Task to complete:
What you return must match the entries word for word, minus the pictures.

Exercise input:
╭──

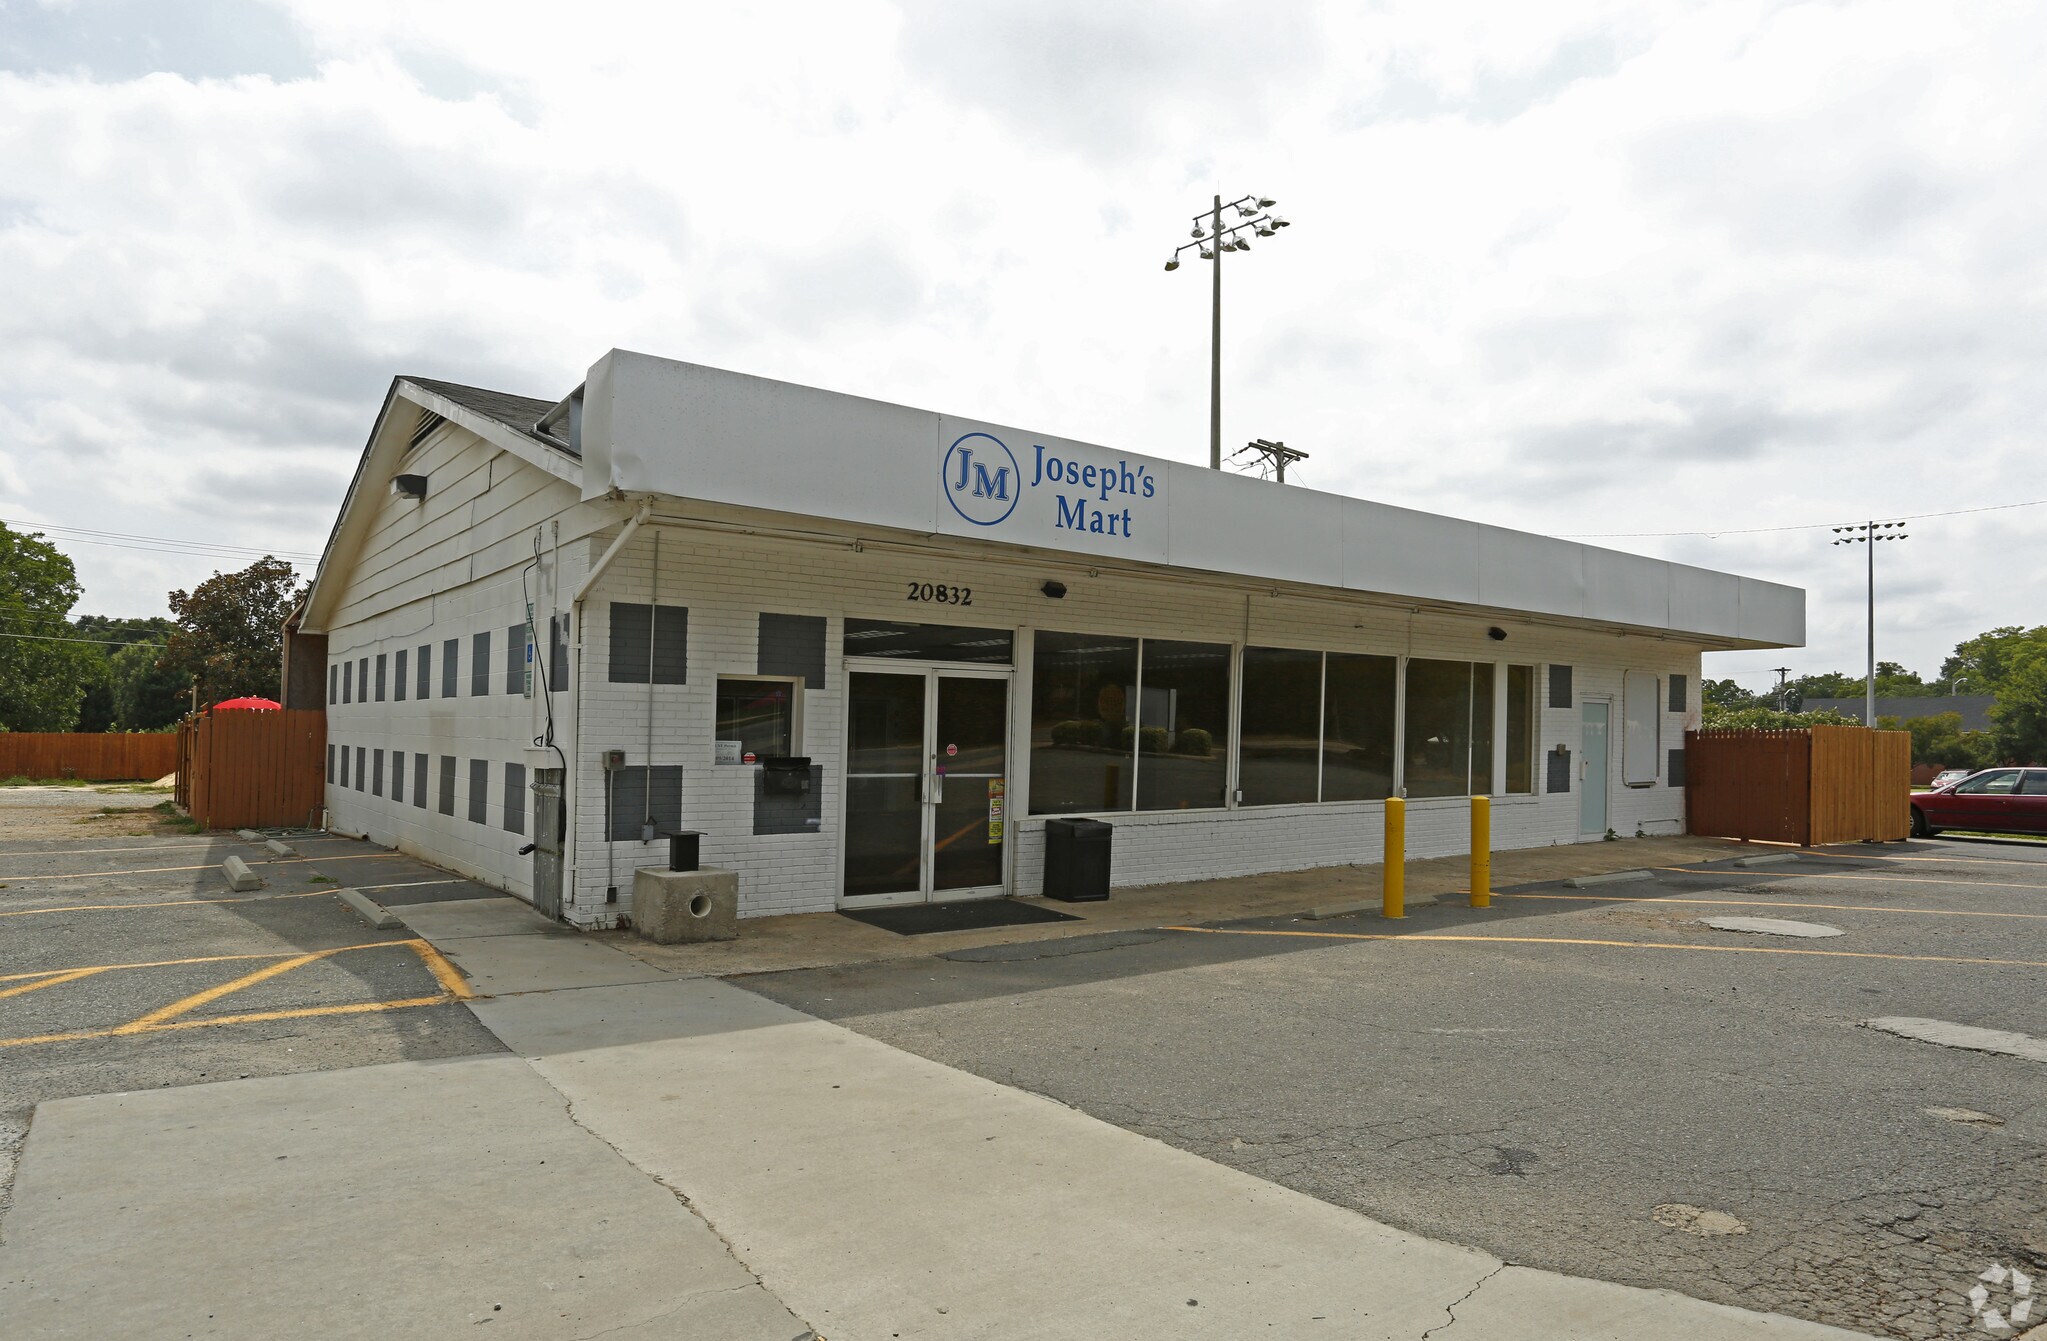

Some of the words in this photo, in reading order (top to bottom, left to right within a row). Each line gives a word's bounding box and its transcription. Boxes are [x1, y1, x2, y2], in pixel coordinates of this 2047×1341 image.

[955, 447, 1010, 501] JM
[1031, 444, 1155, 501] Joseph's
[1055, 494, 1132, 538] Mart
[907, 582, 972, 606] 20832
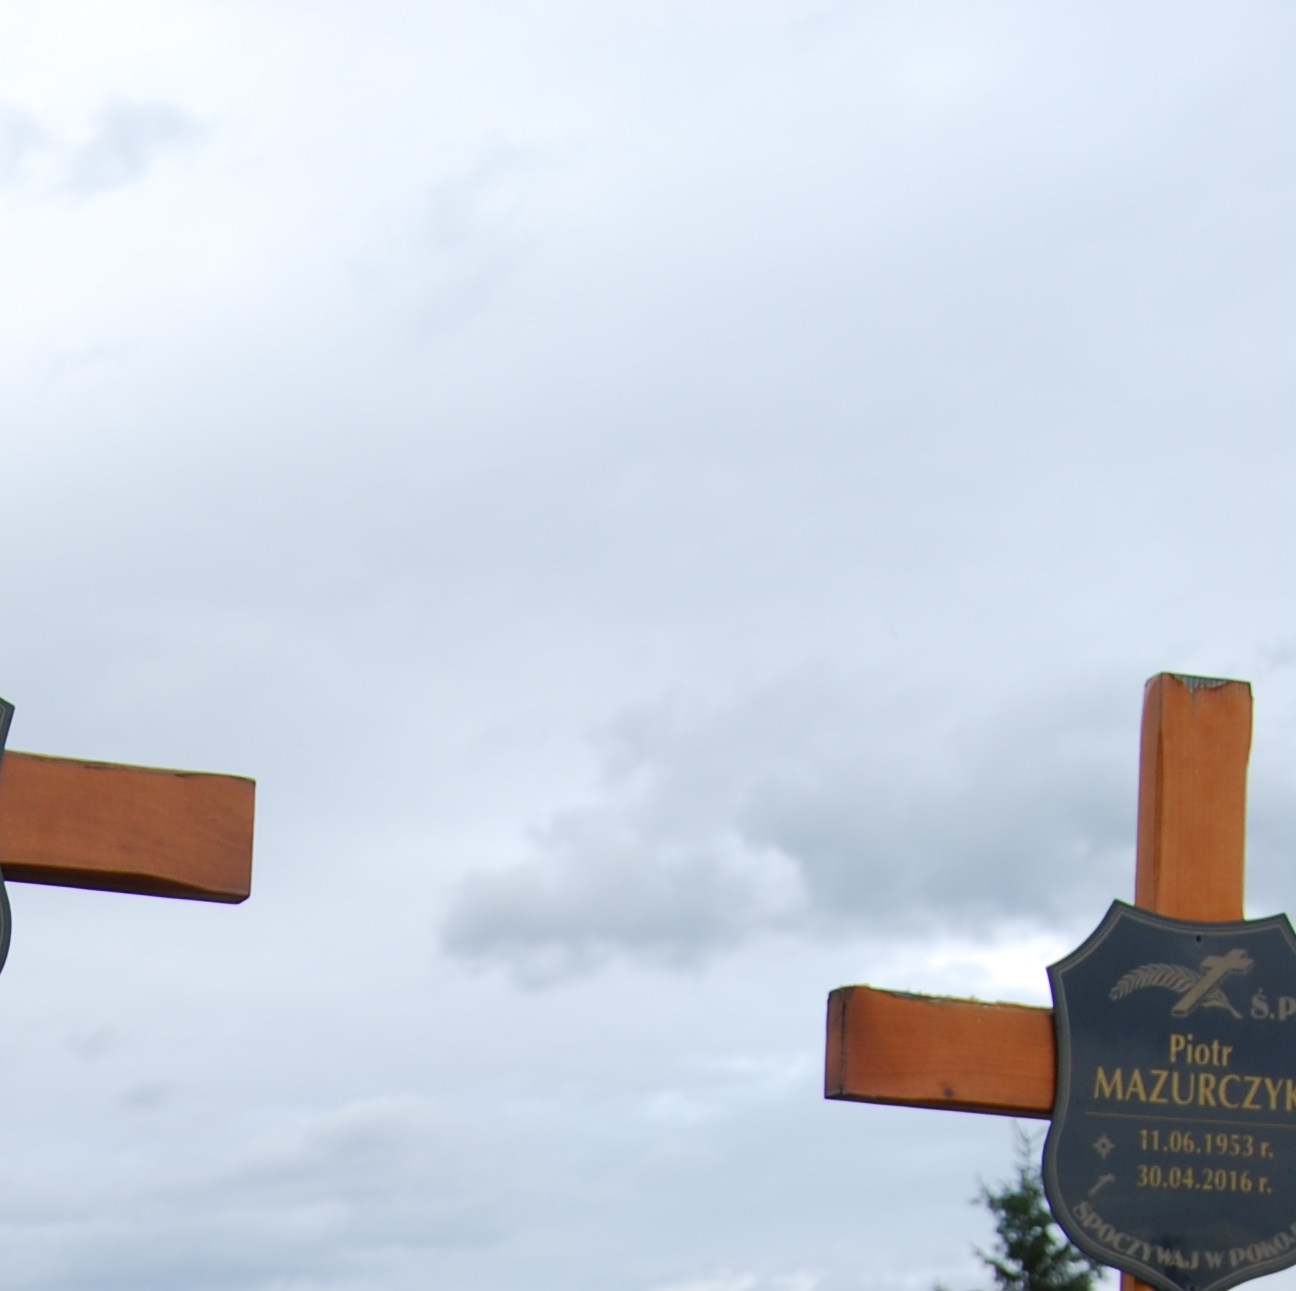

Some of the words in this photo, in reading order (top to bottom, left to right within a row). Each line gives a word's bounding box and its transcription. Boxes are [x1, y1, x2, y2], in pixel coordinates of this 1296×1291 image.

[1169, 1034, 1233, 1067] Piotr
[1140, 1130, 1254, 1159] 11.06.1953
[1260, 1141, 1274, 1159] r.
[1137, 1165, 1252, 1192] 30.04.2016
[1258, 1176, 1272, 1194] r.
[1073, 1201, 1200, 1269] SPOCZYWAJ
[1204, 1250, 1225, 1270] W
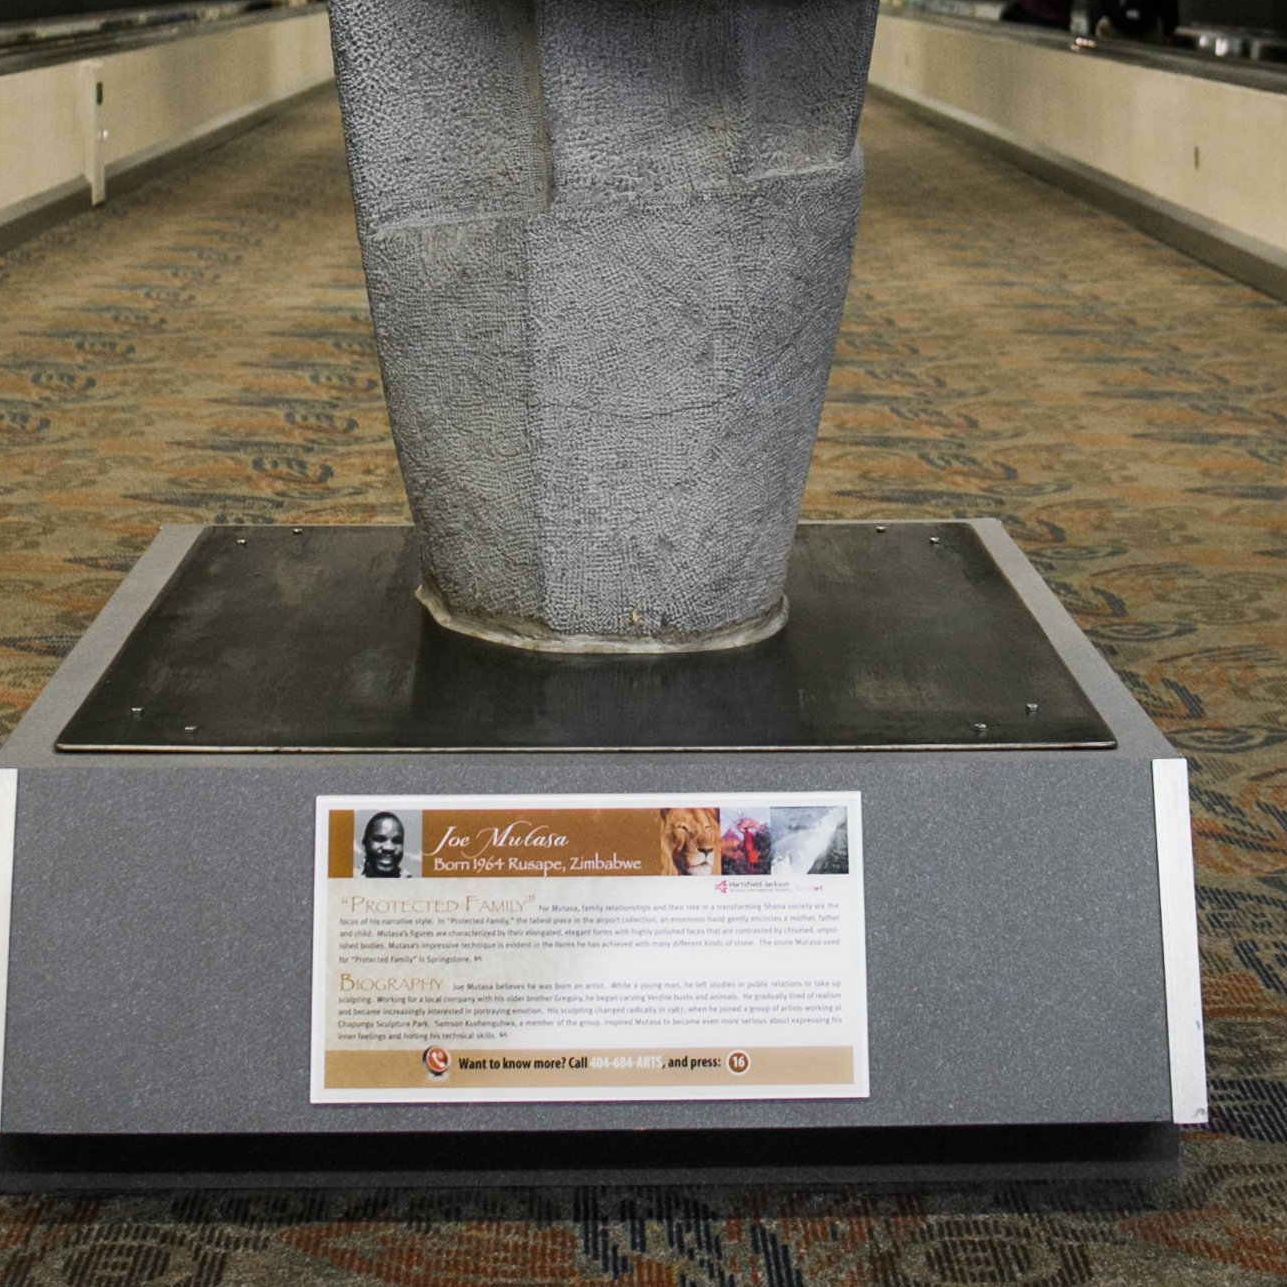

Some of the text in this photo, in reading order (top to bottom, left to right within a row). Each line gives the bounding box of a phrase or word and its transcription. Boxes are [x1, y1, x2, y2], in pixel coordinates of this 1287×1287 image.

[422, 820, 569, 858] Joe Mutasa
[434, 852, 642, 877] Born 1964 Rusape, Zimbabwe
[581, 904, 604, 914] family
[605, 904, 651, 913] relationships
[716, 903, 762, 912] transforming
[788, 902, 813, 912] society
[553, 916, 572, 926] piece
[596, 916, 620, 925] airport
[727, 915, 749, 924] gently
[409, 929, 434, 939] figures
[564, 928, 591, 938] elegant
[631, 928, 653, 937] highly
[654, 927, 685, 937] polished
[421, 941, 459, 951] impressive
[461, 941, 496, 950] technique
[340, 973, 444, 991] BIOGRAPHY
[453, 983, 465, 991] Joe
[747, 980, 769, 990] public
[376, 996, 406, 1005] Working
[596, 994, 618, 1003] began
[619, 993, 646, 1003] carving
[754, 992, 787, 1002] gradually
[383, 1008, 426, 1017] increasingly
[473, 1007, 511, 1016] portraying
[560, 1006, 593, 1016] sculpting
[595, 1006, 625, 1016] changed
[626, 1006, 657, 1015] radically
[667, 1006, 687, 1015] 1987,
[719, 1005, 742, 1015] joined
[805, 1004, 834, 1014] working
[338, 1020, 375, 1030] Chapungu
[376, 1020, 411, 1030] Sculpture
[604, 1018, 633, 1028] inspired
[791, 1017, 830, 1026] expressing
[358, 1032, 386, 1042] feelings
[403, 1032, 428, 1042] honing
[459, 1056, 745, 1070] Want to know more? Call 404-684-ARTS, and press: 16
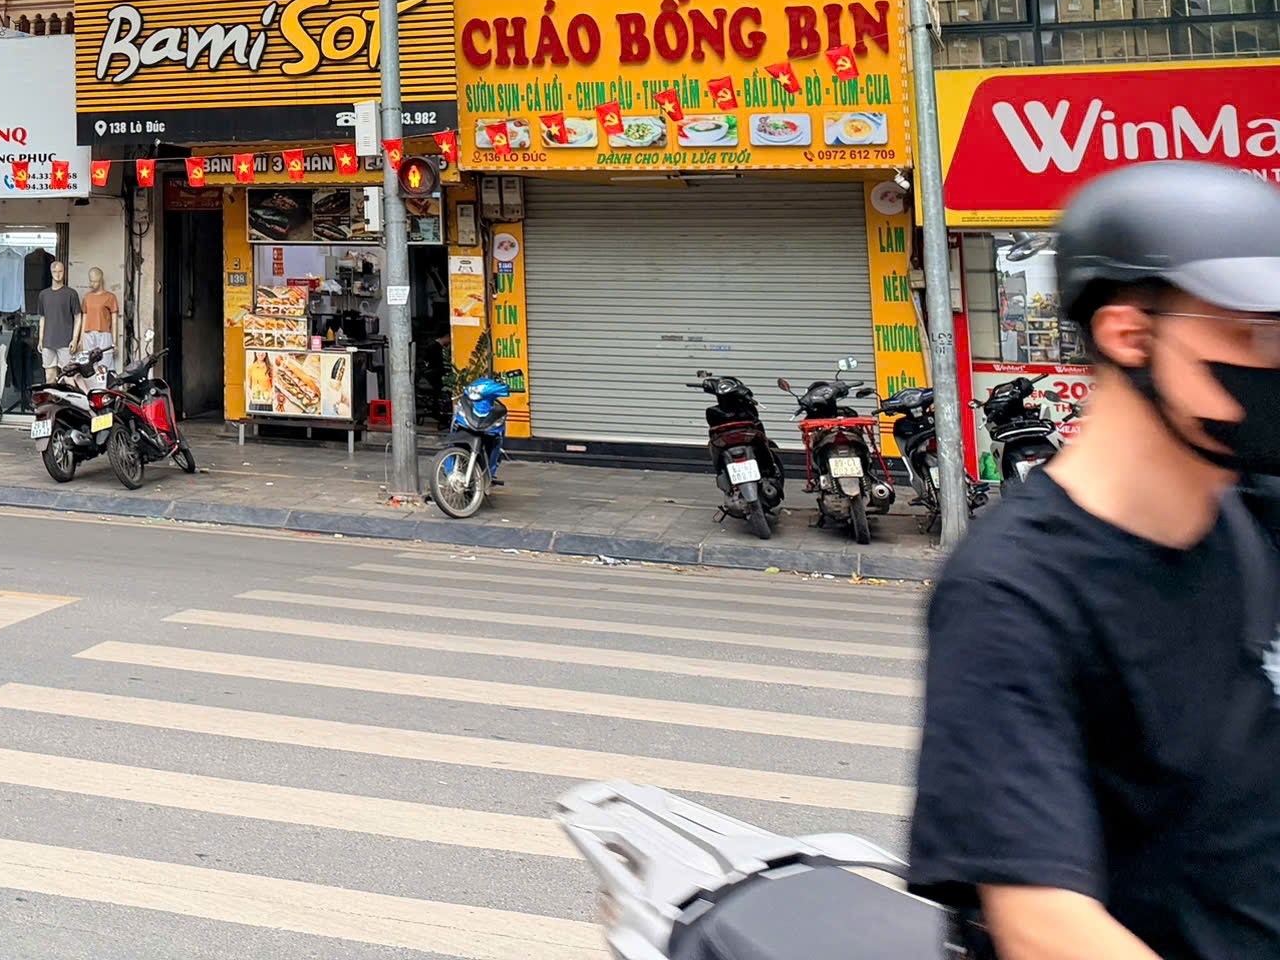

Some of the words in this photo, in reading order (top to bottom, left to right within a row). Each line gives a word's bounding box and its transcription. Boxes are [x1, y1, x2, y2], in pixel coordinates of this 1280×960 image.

╰──

Solution below:
Some of the words in this photo, in reading order (top to bottom, left to right within a row). Each line gives a word's bounding box and its transcription. Boxes are [x1, y1, x2, y2], in pixel coordinates of this 2047×1341 image.

[955, 447, 1010, 501] JM
[1031, 444, 1155, 501] Joseph's
[1055, 494, 1132, 538] Mart
[907, 582, 972, 606] 20832

Some of the words in this photo, in reading order (top to bottom, left to right within a row). Each line gives a word's bounding box and its transcription. Boxes are [x1, y1, x2, y2], in pixel coordinates of this 1296×1291 image.

[1169, 1034, 1233, 1067] Piotr
[1140, 1130, 1254, 1159] 11.06.1953
[1260, 1141, 1274, 1159] r.
[1137, 1165, 1252, 1192] 30.04.2016
[1258, 1176, 1272, 1194] r.
[1073, 1201, 1200, 1269] SPOCZYWAJ
[1204, 1250, 1225, 1270] W

Some of the text in this photo, in reading order (top to bottom, left to right within a row). Each line gives the bounding box of a phrase or word and its transcription. Boxes are [x1, y1, x2, y2], in pixel coordinates of this 1287×1287 image.

[422, 820, 569, 858] Joe Mutasa
[434, 852, 642, 877] Born 1964 Rusape, Zimbabwe
[581, 904, 604, 914] family
[605, 904, 651, 913] relationships
[716, 903, 762, 912] transforming
[788, 902, 813, 912] society
[553, 916, 572, 926] piece
[596, 916, 620, 925] airport
[727, 915, 749, 924] gently
[409, 929, 434, 939] figures
[564, 928, 591, 938] elegant
[631, 928, 653, 937] highly
[654, 927, 685, 937] polished
[421, 941, 459, 951] impressive
[461, 941, 496, 950] technique
[340, 973, 444, 991] BIOGRAPHY
[453, 983, 465, 991] Joe
[747, 980, 769, 990] public
[376, 996, 406, 1005] Working
[596, 994, 618, 1003] began
[619, 993, 646, 1003] carving
[754, 992, 787, 1002] gradually
[383, 1008, 426, 1017] increasingly
[473, 1007, 511, 1016] portraying
[560, 1006, 593, 1016] sculpting
[595, 1006, 625, 1016] changed
[626, 1006, 657, 1015] radically
[667, 1006, 687, 1015] 1987,
[719, 1005, 742, 1015] joined
[805, 1004, 834, 1014] working
[338, 1020, 375, 1030] Chapungu
[376, 1020, 411, 1030] Sculpture
[604, 1018, 633, 1028] inspired
[791, 1017, 830, 1026] expressing
[358, 1032, 386, 1042] feelings
[403, 1032, 428, 1042] honing
[459, 1056, 745, 1070] Want to know more? Call 404-684-ARTS, and press: 16

Some of the words in this photo, in reading order (top to bottom, left to right within a row). Each line gives a word's bounding box and its transcription. Boxes are [x1, y1, x2, y2], in pixel coordinates of this 1280×960 image.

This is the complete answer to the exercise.